Trump, and most in his administration, believes the deficit is a ‘bad’ thing caused by foreigners who engage in unfair trade practices. For them, the solution is US-imposed tariffs and other anti-trade measures. But these will not change the overall US trade balance.

The trade deficit is equal to the excess of private sector investment minus savings, plus government spending minus tax revenue. So, the counterpart of the trade deficit is the sum of the private sector deficit and the government deficit (federal plus state and local). The US trade deficit, therefore, is the mirror image of what is happening in the US domestic economy. If expenditures in the US exceed the incomes produced, which they do, the excess expenditures will be met by an excess of imports over exports (a trade deficit).

Between 1975-2016 the US accrued a cumulative trade deficit of around $11.2tn, and the total investment minus savings deficit is around $10.4tn.

Trump can bully countries he identifies as unfair traders, and he can impose all the restrictions that his heart desires on trading partners, but it won’t change the trade balance. Never mind the fact that most economists think the president’s ideas on trade are rubbish. When it comes to trade, Trump is the master of the message and the optics. In consequence, his base is with him on trade, and so are a surprising number of others.

The problem is that Trump’s trade prattle is tailor-made for delivery on Twitter and television.

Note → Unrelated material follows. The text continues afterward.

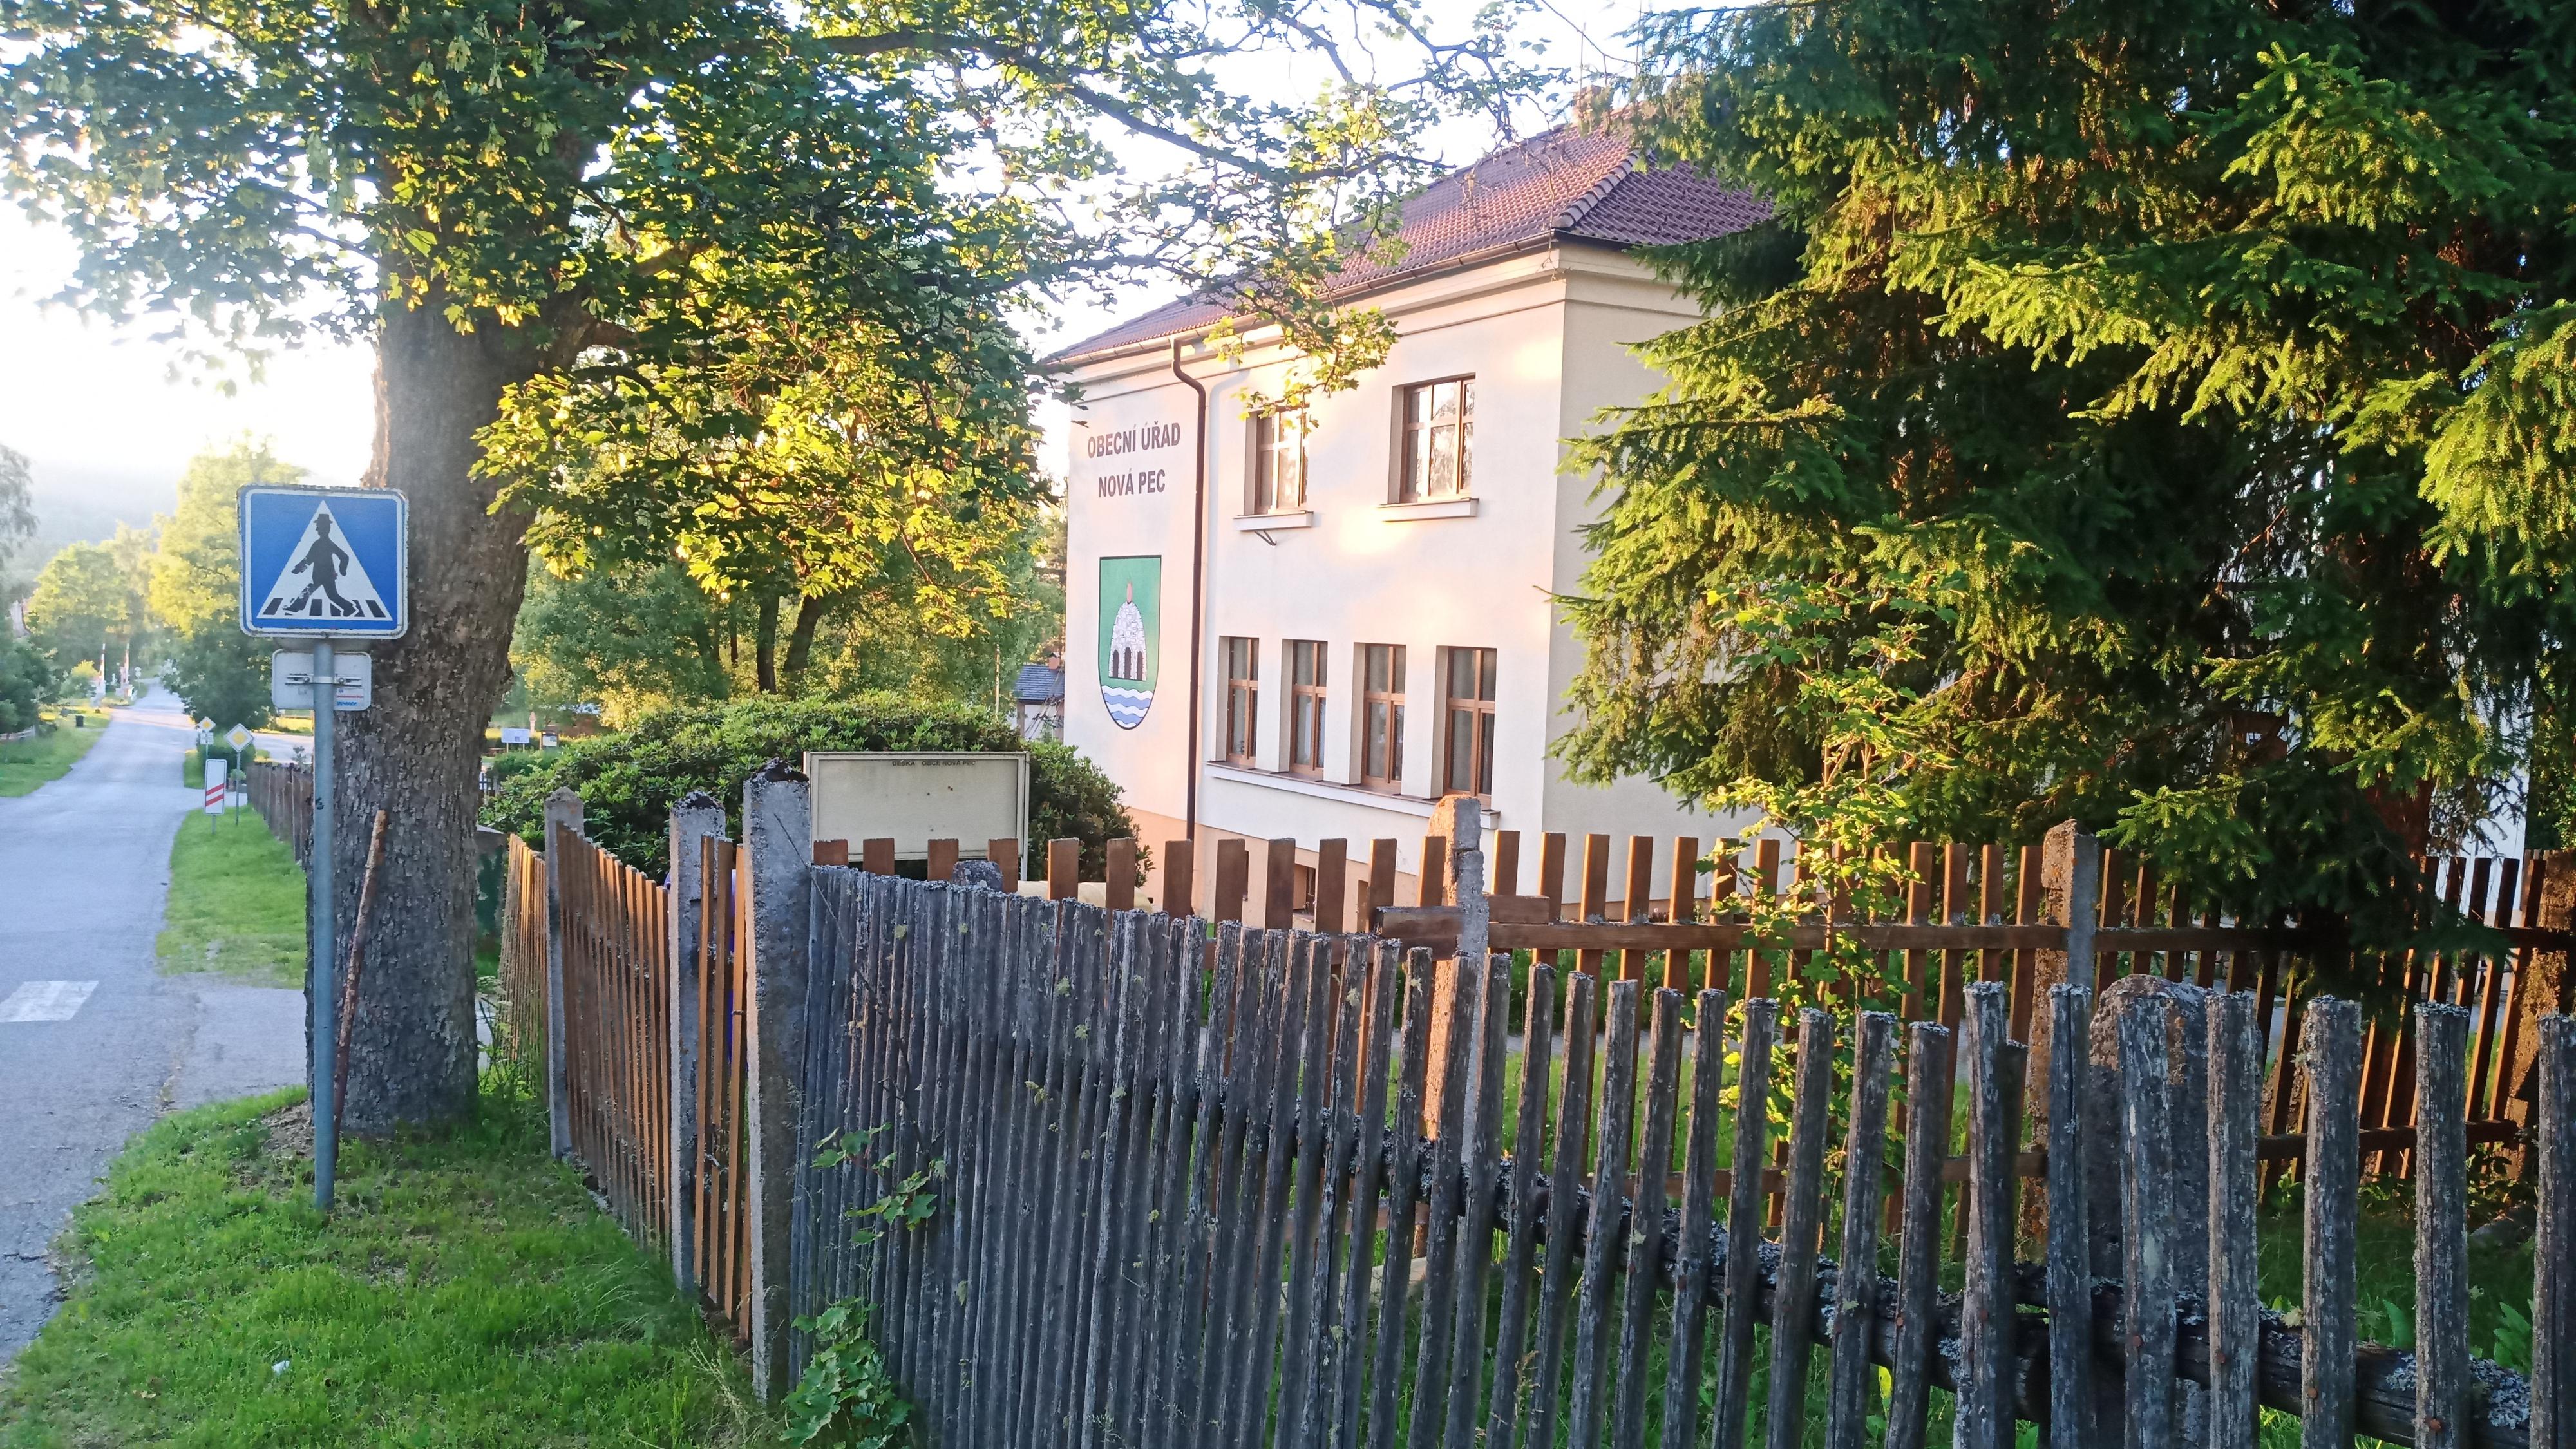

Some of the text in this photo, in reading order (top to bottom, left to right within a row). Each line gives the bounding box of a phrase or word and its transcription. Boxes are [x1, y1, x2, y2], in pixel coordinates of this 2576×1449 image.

Those media outlets are suitable for ‘sound bites,’ not complex arguments and data points.

That is why economics is at a disadvantage. Nevertheless, this is what economics has to say about the trade deficit bugaboo. First, it is not a ‘problem’. The US has run a trade deficit every year since 1976, and has done relatively well since then. Second, the trade deficit is not made by foreigners who engage in unfair trade practices; it is homegrown, made in America. To the extent that domestic savings in the US falls short of domestic investments, the economy must import more than its exports, resulting in a negative trade balance.

The administration’s fiscal policies will continue to complicate Trump’s approach to trade. If his fiscal deficits are not offset by an increase in private savings relative to private investment, increases in the federal deficit will translate into larger trade deficits. So the trade deficit will be not only homegrown, it will be made by Trump himself. It’s time for the president to connect the dots and get real on trade.

Steve Hanke is Professor of Applied Economics at the Johns Hopkins University and Member of the OMFIF Advisory Board.